[Records for the task Boundary: Start]
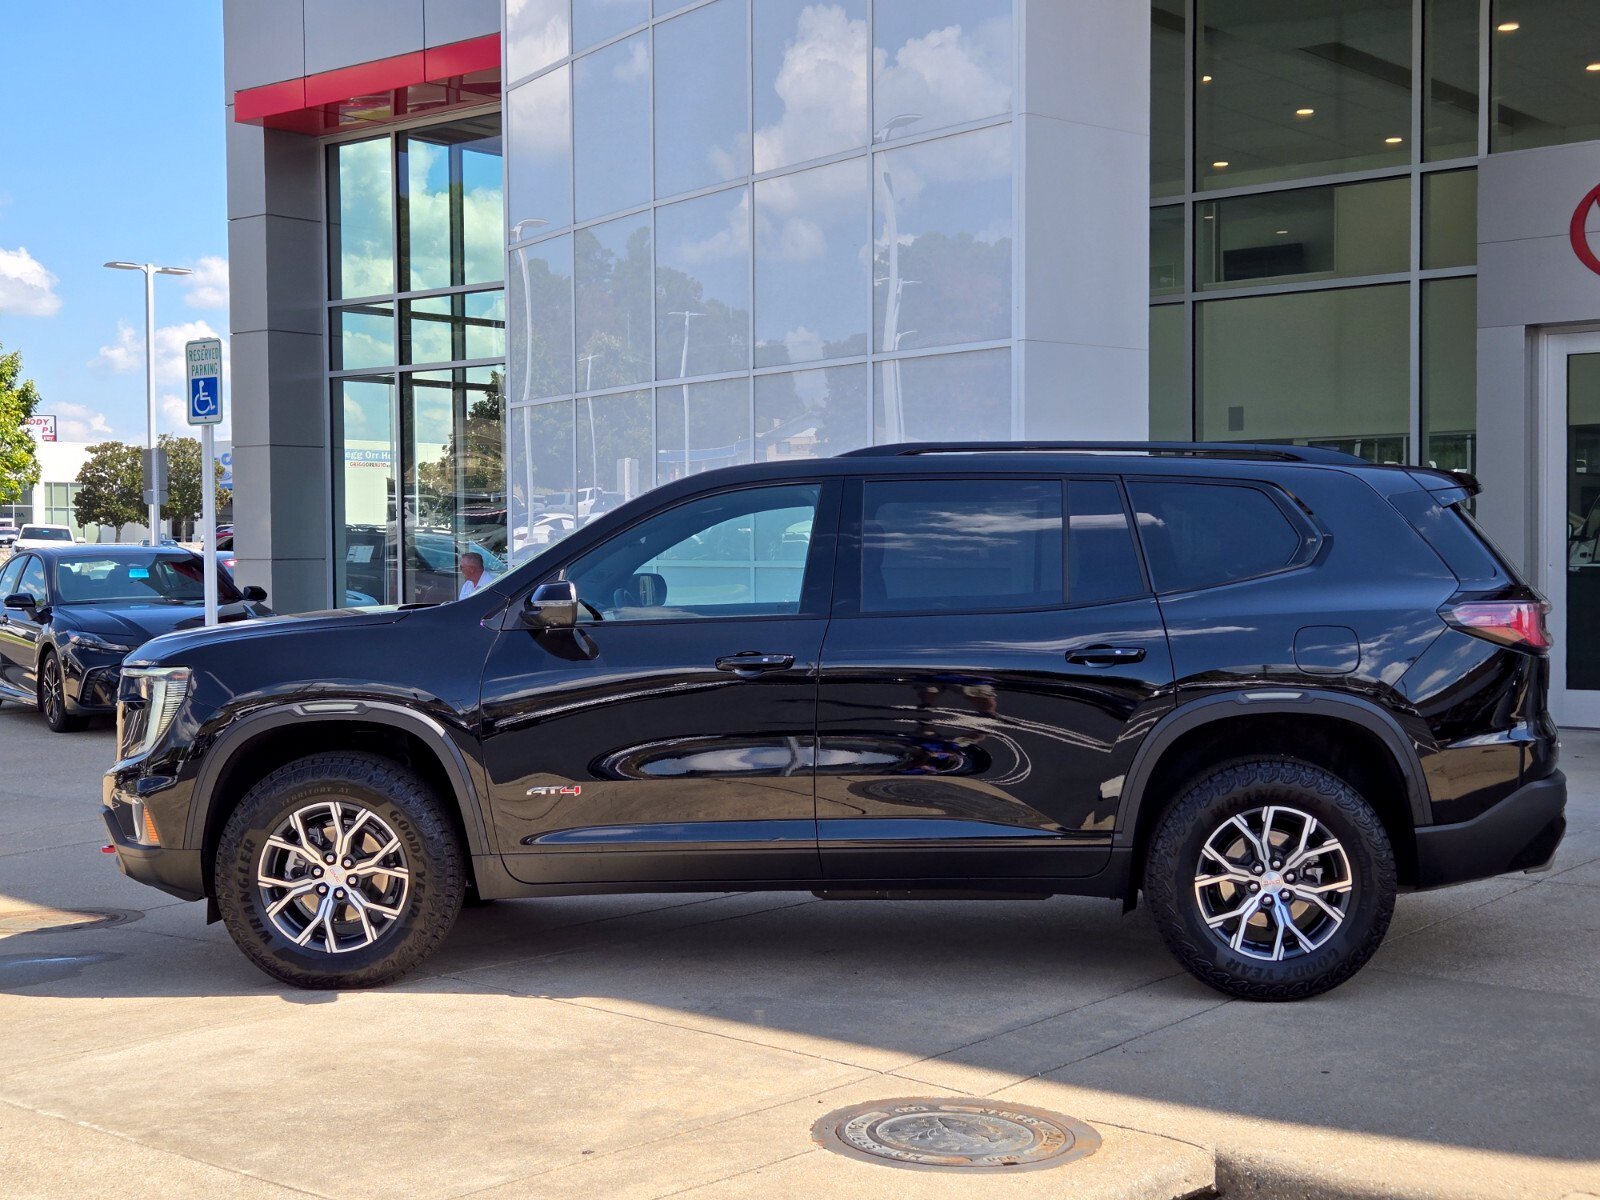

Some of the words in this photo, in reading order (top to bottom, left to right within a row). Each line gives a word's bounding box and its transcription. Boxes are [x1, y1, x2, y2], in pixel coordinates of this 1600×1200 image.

[189, 347, 219, 361] RESERVED
[191, 362, 218, 376] PARKING
[345, 451, 363, 460] egg
[365, 451, 379, 459] Orr
[526, 786, 581, 796] AT4
[390, 810, 426, 918] GOODYEAR
[237, 838, 274, 945] WRANGLER
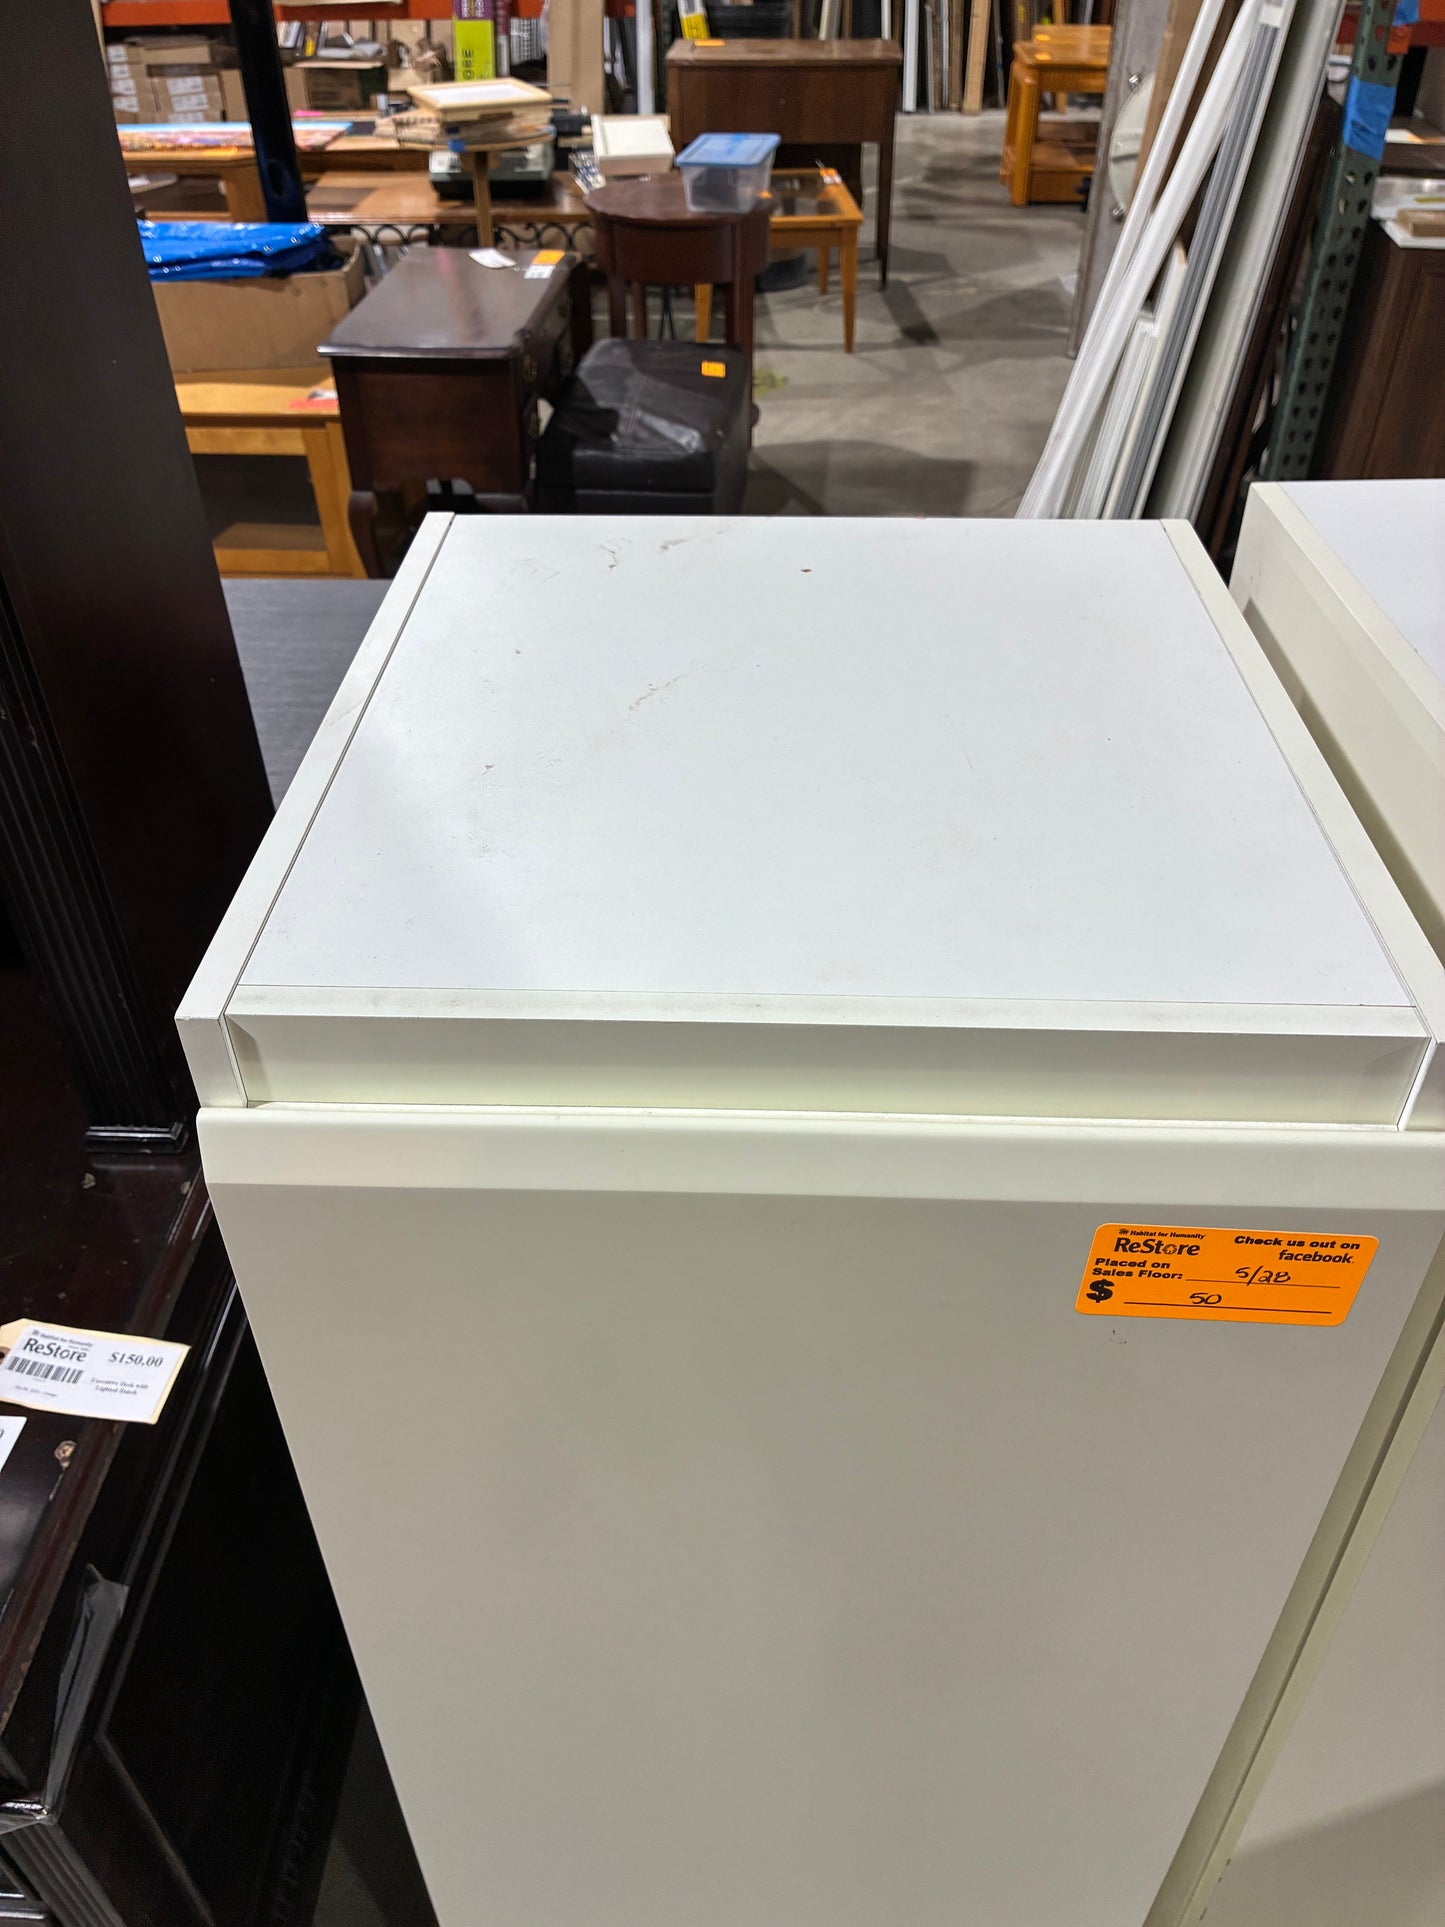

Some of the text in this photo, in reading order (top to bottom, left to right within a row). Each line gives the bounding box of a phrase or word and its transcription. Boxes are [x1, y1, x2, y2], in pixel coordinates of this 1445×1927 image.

[1130, 1229, 1156, 1237] Habitat
[1169, 1232, 1206, 1240] Humanity
[1234, 1235, 1283, 1246] Check
[1286, 1239, 1306, 1247] us
[1309, 1240, 1337, 1249] out
[1114, 1237, 1200, 1256] ReStore
[1094, 1258, 1148, 1268] Placed
[1092, 1268, 1184, 1279] Sales Floor:
[1234, 1265, 1291, 1286] 5/28
[1086, 1279, 1115, 1303] $
[1189, 1292, 1222, 1305] 50
[23, 1337, 87, 1362] ReStore
[108, 1352, 164, 1368] $150.00
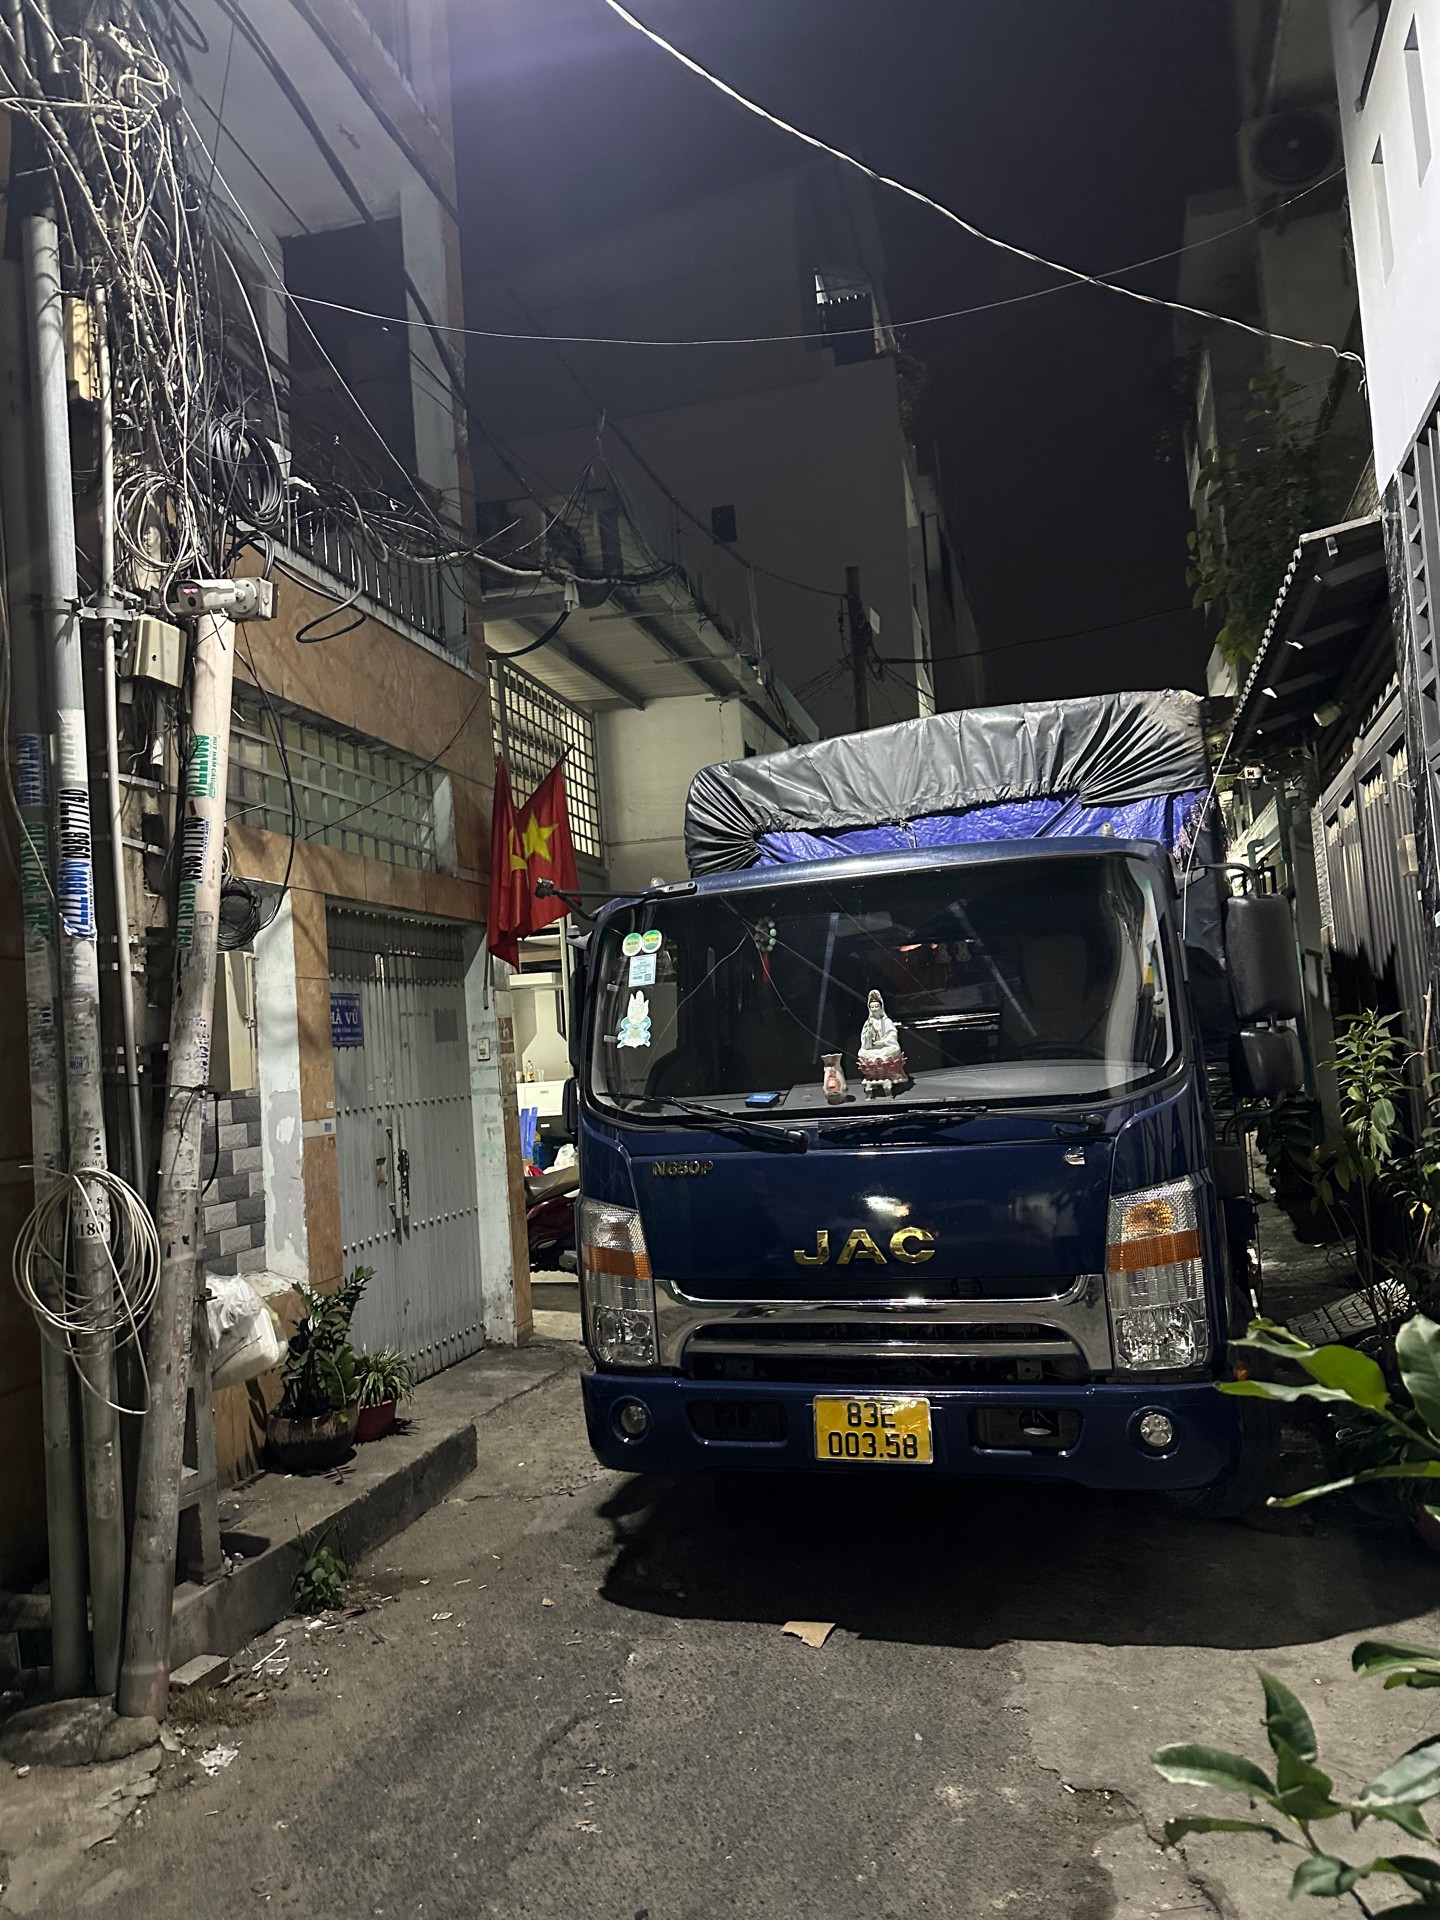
[Records for the task Boundary: End]
Pictures aside, repeat each entry in full and without change.

§ Written response:
Some of the words in this photo, in reading order (top to bottom, left to right within a row). Each line gives a word's bounding box and its transcription. Boxes are [x1, y1, x2, y2], in pixel coordinates of this 1600×1200 image.

[189, 347, 219, 361] RESERVED
[191, 362, 218, 376] PARKING
[345, 451, 363, 460] egg
[365, 451, 379, 459] Orr
[526, 786, 581, 796] AT4
[390, 810, 426, 918] GOODYEAR
[237, 838, 274, 945] WRANGLER

Some of the text in this photo, in reading order (top to bottom, left to right within a row). Each line gives the bounding box of a phrase or word and its transcription. Boxes are [x1, y1, x2, y2], in pixel coordinates of this 1445×1927 image.

[1130, 1229, 1156, 1237] Habitat
[1169, 1232, 1206, 1240] Humanity
[1234, 1235, 1283, 1246] Check
[1286, 1239, 1306, 1247] us
[1309, 1240, 1337, 1249] out
[1114, 1237, 1200, 1256] ReStore
[1094, 1258, 1148, 1268] Placed
[1092, 1268, 1184, 1279] Sales Floor:
[1234, 1265, 1291, 1286] 5/28
[1086, 1279, 1115, 1303] $
[1189, 1292, 1222, 1305] 50
[23, 1337, 87, 1362] ReStore
[108, 1352, 164, 1368] $150.00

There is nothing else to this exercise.